• _Source information_
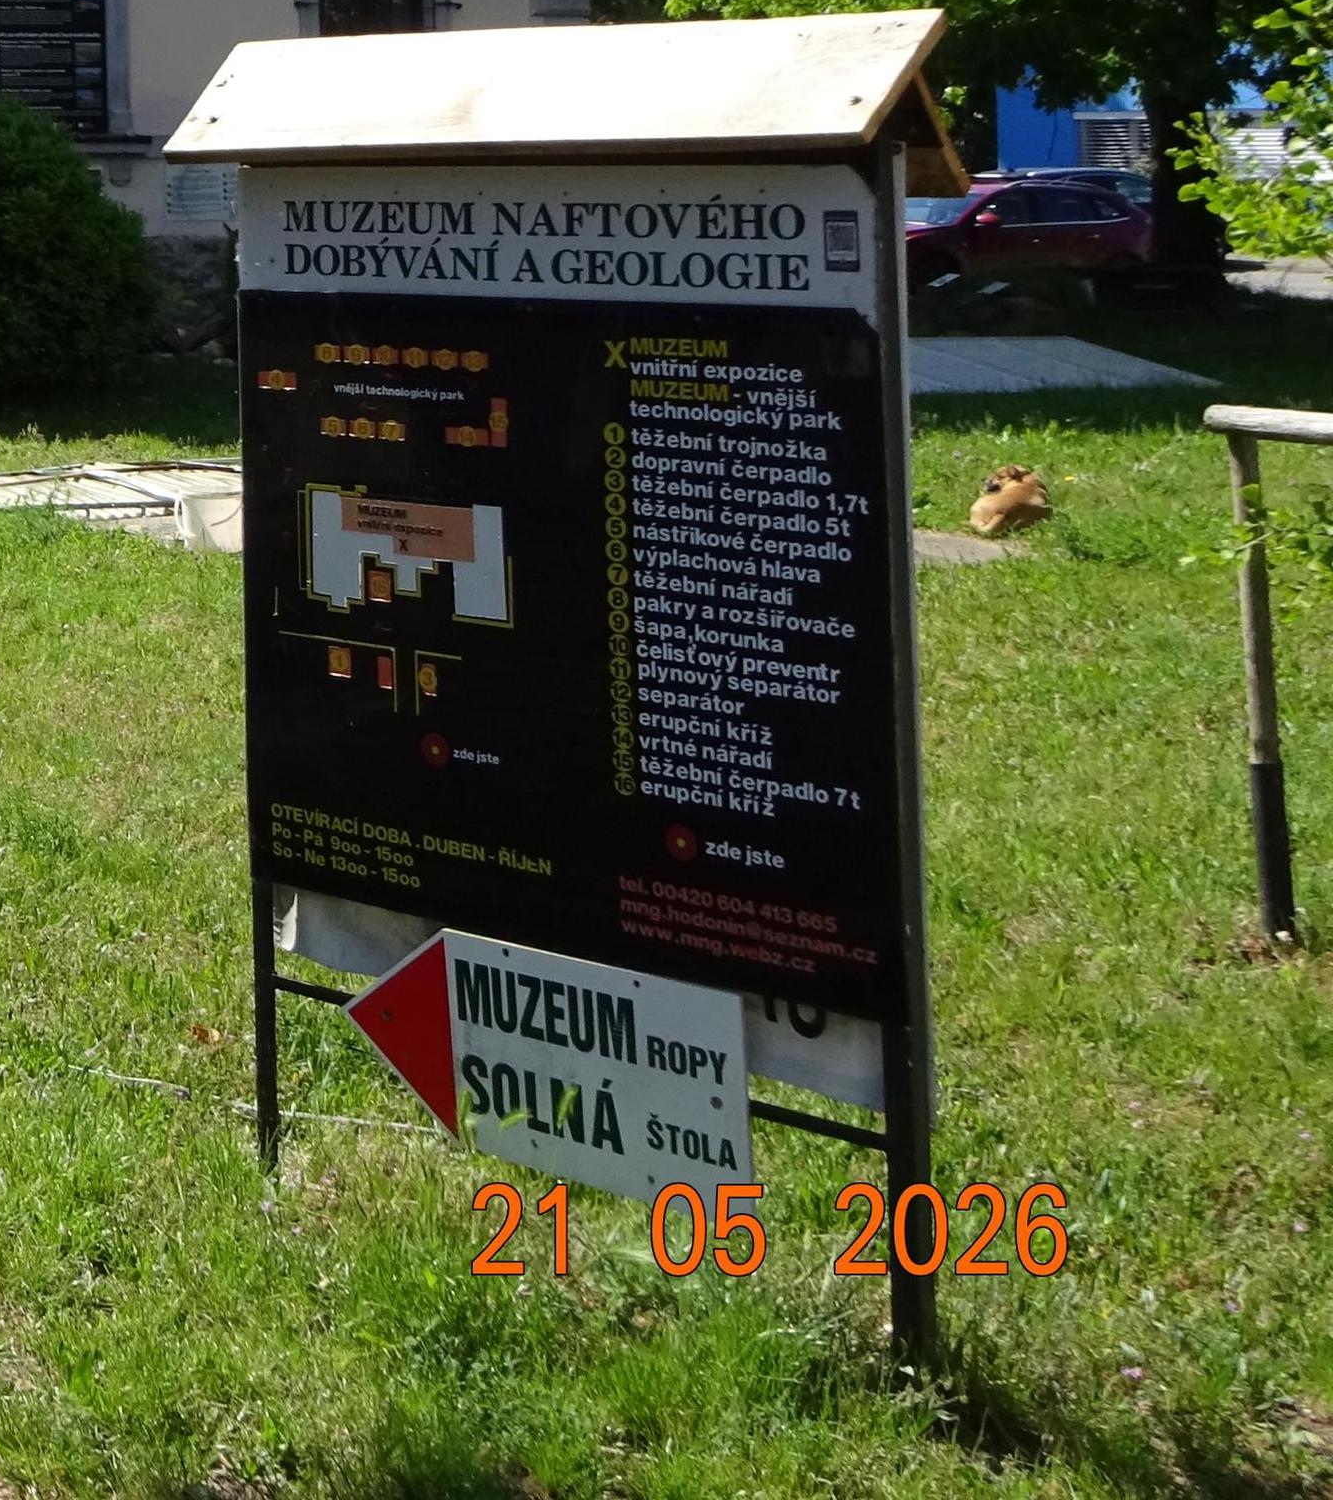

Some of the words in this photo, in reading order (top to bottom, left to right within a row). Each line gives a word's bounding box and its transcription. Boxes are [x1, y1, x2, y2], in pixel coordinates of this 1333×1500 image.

[283, 200, 475, 235] MUZEUM
[491, 196, 806, 240] NAFTOVÉHO
[284, 236, 500, 282] DOBÝVÁNÍ
[512, 249, 545, 283] A
[549, 250, 810, 291] GEOLOGIE
[604, 341, 627, 368] X
[630, 338, 728, 357] MUZEUM
[630, 358, 697, 378] vnitřní
[704, 364, 803, 383] expozice
[334, 382, 364, 396] vnější
[365, 385, 438, 401] technologický
[440, 388, 465, 401] park
[630, 380, 730, 401] MUZEUM
[746, 388, 818, 411] vnější
[629, 400, 784, 430] technologický
[789, 410, 843, 430] park
[631, 428, 714, 451] těžební
[718, 435, 827, 460] trojnožka
[632, 451, 725, 475] dopravní
[731, 459, 832, 486] čerpadlo
[357, 505, 407, 519] MUZEUM
[632, 474, 714, 499] těžební
[719, 482, 820, 509] čerpadlo
[825, 493, 870, 515] 1,7t
[632, 498, 715, 523] těžební
[720, 506, 821, 534] čerpadlo
[825, 517, 852, 537] 5t
[399, 539, 408, 551] X
[633, 522, 745, 550] nástřikové
[750, 534, 852, 562] čerpadlo
[633, 546, 757, 576] výplachová
[761, 559, 821, 584] hlava
[633, 570, 717, 597] těžební
[721, 582, 793, 606] nářadí
[633, 595, 695, 620] pakry
[701, 605, 714, 620] a
[719, 607, 856, 638] rozšiřovače
[638, 661, 723, 691] plynový
[727, 674, 841, 704] separátor
[742, 657, 841, 683] preventr
[638, 687, 745, 715] separátor
[639, 712, 720, 738] erupční
[726, 721, 773, 746] kříž
[452, 748, 474, 761] zde
[475, 750, 500, 765] jste
[639, 734, 697, 758] vrtné
[702, 744, 773, 770] nářadí
[639, 755, 722, 786] těžební
[728, 769, 830, 804] čerpadlo
[640, 781, 723, 808] erupční
[728, 792, 775, 817] kříž
[271, 803, 359, 835] OTEVÍRACÍ
[363, 822, 412, 847] DOBA
[423, 835, 485, 862] DUBEN
[497, 846, 553, 876] ŘÍJEN
[272, 822, 292, 839] Po
[272, 841, 293, 858] So
[304, 847, 326, 867] Ne
[704, 840, 742, 860] zde
[743, 845, 786, 868] jste
[619, 875, 650, 896] tel.
[652, 881, 714, 908] 00420
[716, 893, 754, 917] 604
[454, 958, 637, 1064] MUZEUM
[647, 1035, 727, 1085] ROPY
[461, 1054, 624, 1155] SOLNÁ
[646, 1112, 737, 1171] ŠTOLA

• _Problem to work on_
Give back the data exactly, with no images.

• _Task solution_
Some of the words in this photo, in reading order (top to bottom, left to right within a row). Each line gives a word's bounding box and its transcription. Boxes are [x1, y1, x2, y2], in pixel coordinates of this 1333×1500 image.

[283, 200, 475, 235] MUZEUM
[491, 196, 806, 240] NAFTOVÉHO
[284, 236, 500, 282] DOBÝVÁNÍ
[512, 249, 545, 283] A
[549, 250, 810, 291] GEOLOGIE
[604, 341, 627, 368] X
[630, 338, 728, 357] MUZEUM
[630, 358, 697, 378] vnitřní
[704, 364, 803, 383] expozice
[334, 382, 364, 396] vnější
[365, 385, 438, 401] technologický
[440, 388, 465, 401] park
[630, 380, 730, 401] MUZEUM
[746, 388, 818, 411] vnější
[629, 400, 784, 430] technologický
[789, 410, 843, 430] park
[631, 428, 714, 451] těžební
[718, 435, 827, 460] trojnožka
[632, 451, 725, 475] dopravní
[731, 459, 832, 486] čerpadlo
[357, 505, 407, 519] MUZEUM
[632, 474, 714, 499] těžební
[719, 482, 820, 509] čerpadlo
[825, 493, 870, 515] 1,7t
[632, 498, 715, 523] těžební
[720, 506, 821, 534] čerpadlo
[825, 517, 852, 537] 5t
[399, 539, 408, 551] X
[633, 522, 745, 550] nástřikové
[750, 534, 852, 562] čerpadlo
[633, 546, 757, 576] výplachová
[761, 559, 821, 584] hlava
[633, 570, 717, 597] těžební
[721, 582, 793, 606] nářadí
[633, 595, 695, 620] pakry
[701, 605, 714, 620] a
[719, 607, 856, 638] rozšiřovače
[638, 661, 723, 691] plynový
[727, 674, 841, 704] separátor
[742, 657, 841, 683] preventr
[638, 687, 745, 715] separátor
[639, 712, 720, 738] erupční
[726, 721, 773, 746] kříž
[452, 748, 474, 761] zde
[475, 750, 500, 765] jste
[639, 734, 697, 758] vrtné
[702, 744, 773, 770] nářadí
[639, 755, 722, 786] těžební
[728, 769, 830, 804] čerpadlo
[640, 781, 723, 808] erupční
[728, 792, 775, 817] kříž
[271, 803, 359, 835] OTEVÍRACÍ
[363, 822, 412, 847] DOBA
[423, 835, 485, 862] DUBEN
[497, 846, 553, 876] ŘÍJEN
[272, 822, 292, 839] Po
[272, 841, 293, 858] So
[304, 847, 326, 867] Ne
[704, 840, 742, 860] zde
[743, 845, 786, 868] jste
[619, 875, 650, 896] tel.
[652, 881, 714, 908] 00420
[716, 893, 754, 917] 604
[454, 958, 637, 1064] MUZEUM
[647, 1035, 727, 1085] ROPY
[461, 1054, 624, 1155] SOLNÁ
[646, 1112, 737, 1171] ŠTOLA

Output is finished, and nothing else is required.